The husband sings to his wife the verses from Proverbs 31:10-31, extolling her virtues and declaring his love and appreciation. Although this has fallen into some disuse and has come under considerable attack content-wise, it can be a quite significant and beautiful ritual.

Kiddush--Sanctification

This is recited over a full (brimming) large cup of wine. The wine symbolizes joy and the full cup symbolizes overflowing joy and bounty. On Shabbat there should be nothing missing from total physical and spiritual completion. Kiddush may be recited and drunk while (a) standing, (b) sitting, or (c) standing while reciting and sitting while drinking. There are a number of variations for holding the cup. Of particular note: place the cup in the palm of the right hand with the five fingers curled upward holding it. This symbolizes the five-petaled rose, the symbol of perfection, of longing for God (the petals reach upward), of the people of Israel.

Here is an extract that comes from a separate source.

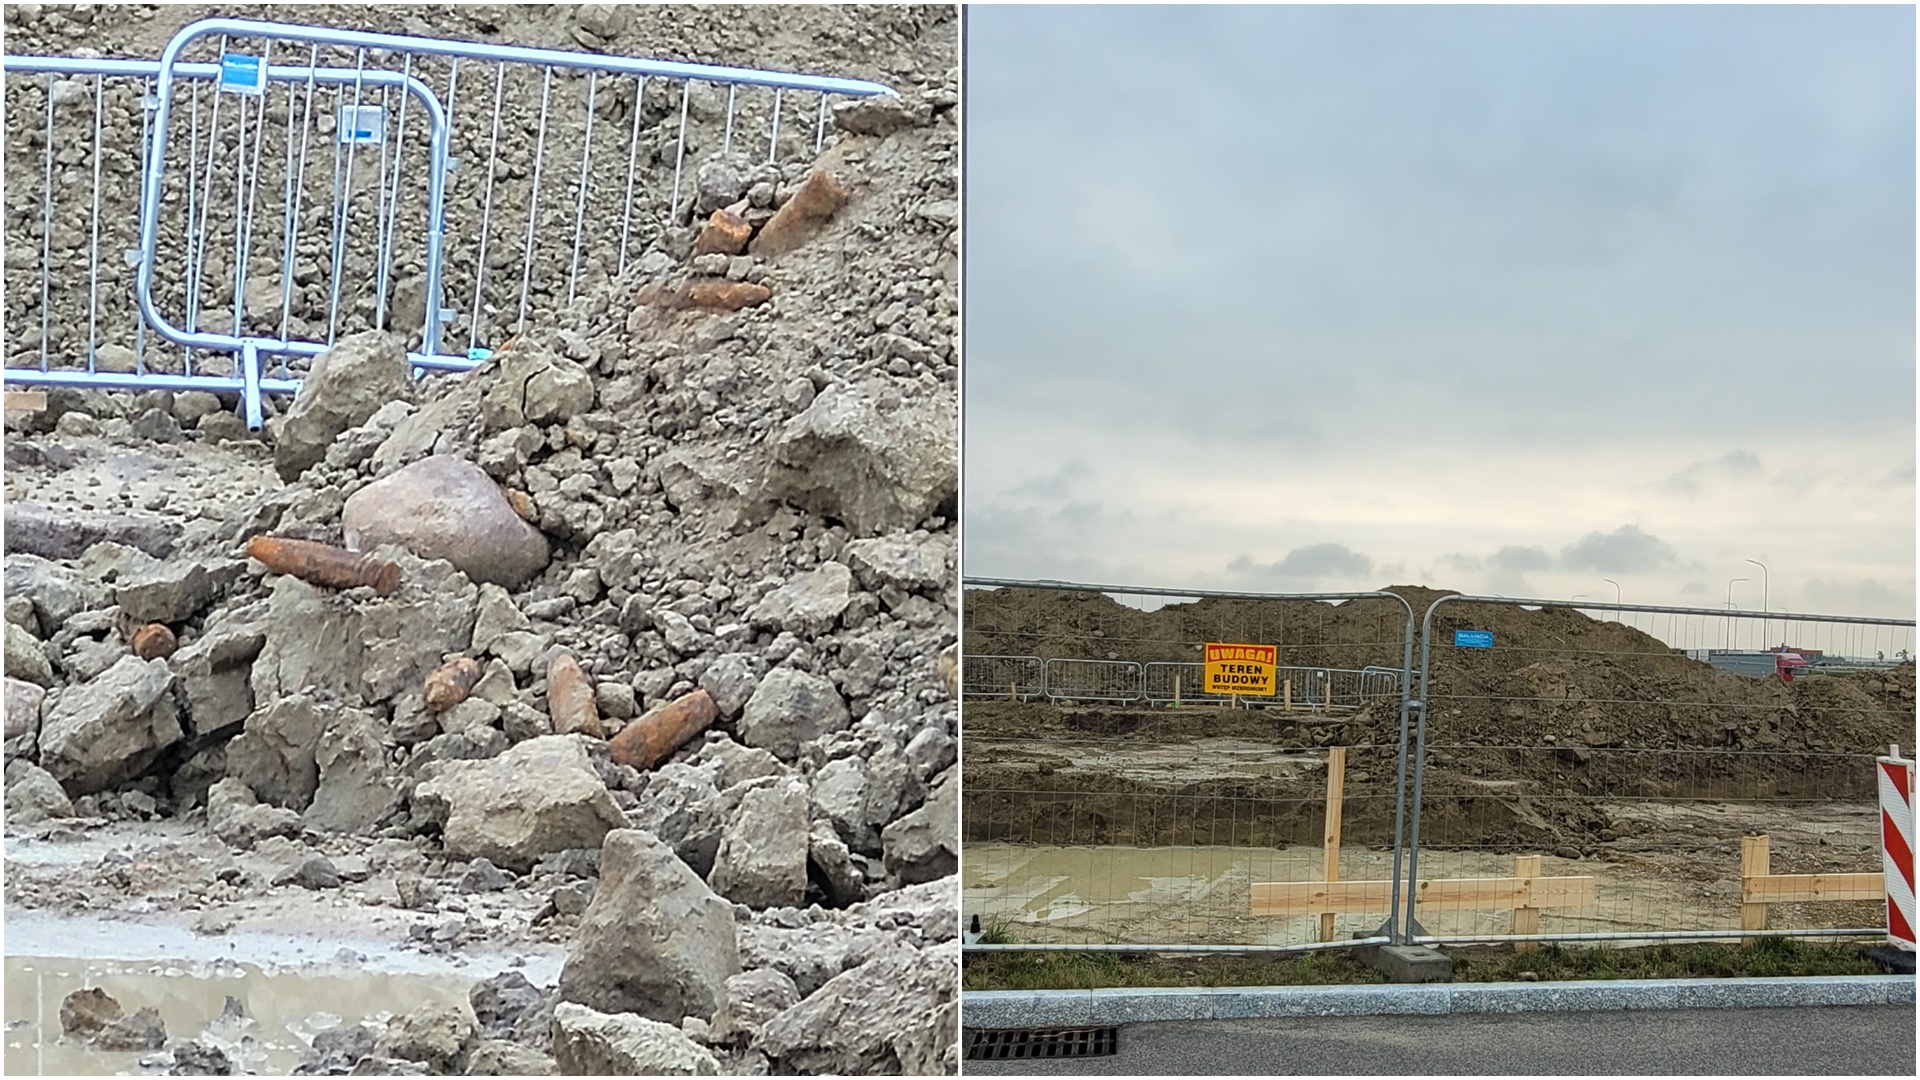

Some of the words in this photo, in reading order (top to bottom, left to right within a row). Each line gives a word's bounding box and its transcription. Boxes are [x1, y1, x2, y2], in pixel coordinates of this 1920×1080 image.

[1209, 648, 1273, 663] UWAGA!
[1220, 664, 1262, 674] TEREN
[1213, 674, 1269, 685] BUDOWY

The text of the kiddush can be found in the siddur. The first half is an account of the completion of creation on the seventh day (Genesis 1:31-2:1-3). The introductory phrase va-y'hi erev va-y'hi voker--"and there was evening and there was morning"--is said in a low tone. This allows the emphasis to fall on the first four words of kiddush: "?yom ha-shishi. Va-y'khulu ha-shamayim--"the sixth day. The heaven and the earth were finished"--the first letters of which form the Tetragrammaton, the holy four-letter Name of God.

After this we recite the blessing over the wine.

The second half of the kiddush recalls both the creation and the exodus from Egypt, the paradigm for all physical and spiritual redemptions and rebirths, and concludes with the blessing on the sanctification of the Shabbat. If wine is not available, the kiddush can be recited over the twin hallot [braided breads]. Simply substitute the blessing over the bread for the one over the wine.

Challah

Following the kiddush, the hands should be washed in the ritually prescribed manner. When everyone is reseated, the hallah cover is removed from the hallot [two loaves of braided bread, in memory of the double portion of manna received by the Israelites in the wilderness], and ha-Motsi--the blessing over the bread--is recited. The hallah is then cut or broken, and distributed to each person.

The First Meal--Zemirot

It is a mitzvah to eat three meals on Shabbat: one on Friday night, one on Saturday after the morning service, and one late Saturday afternoon before Shabbat ends. The first meal is a large one, with many courses. Before partaking of each course, some people say, "Likh'vod ha-Shabbat"--for the honor of Shabbat--as a kavvanah, intention, to the act of eating. During and after the meal, traditional songs--zemirot--are sung. Some of these may be found in the siddur. These zemirot for Friday night are quite beautiful, and while reflecting the mood and feeling of Shabbat, also add an important element to the setting. Sing a lot. Sing other songs (Hebrew, Yiddish, English) as well, if they fit in and contribute to the Shabbat mood. The zemirot on Friday night are generally in 3/4 time--the grand waltz. Following the meal is the Birkat ha-Mazon (Grace after Meals) with the special additions for Shabbat.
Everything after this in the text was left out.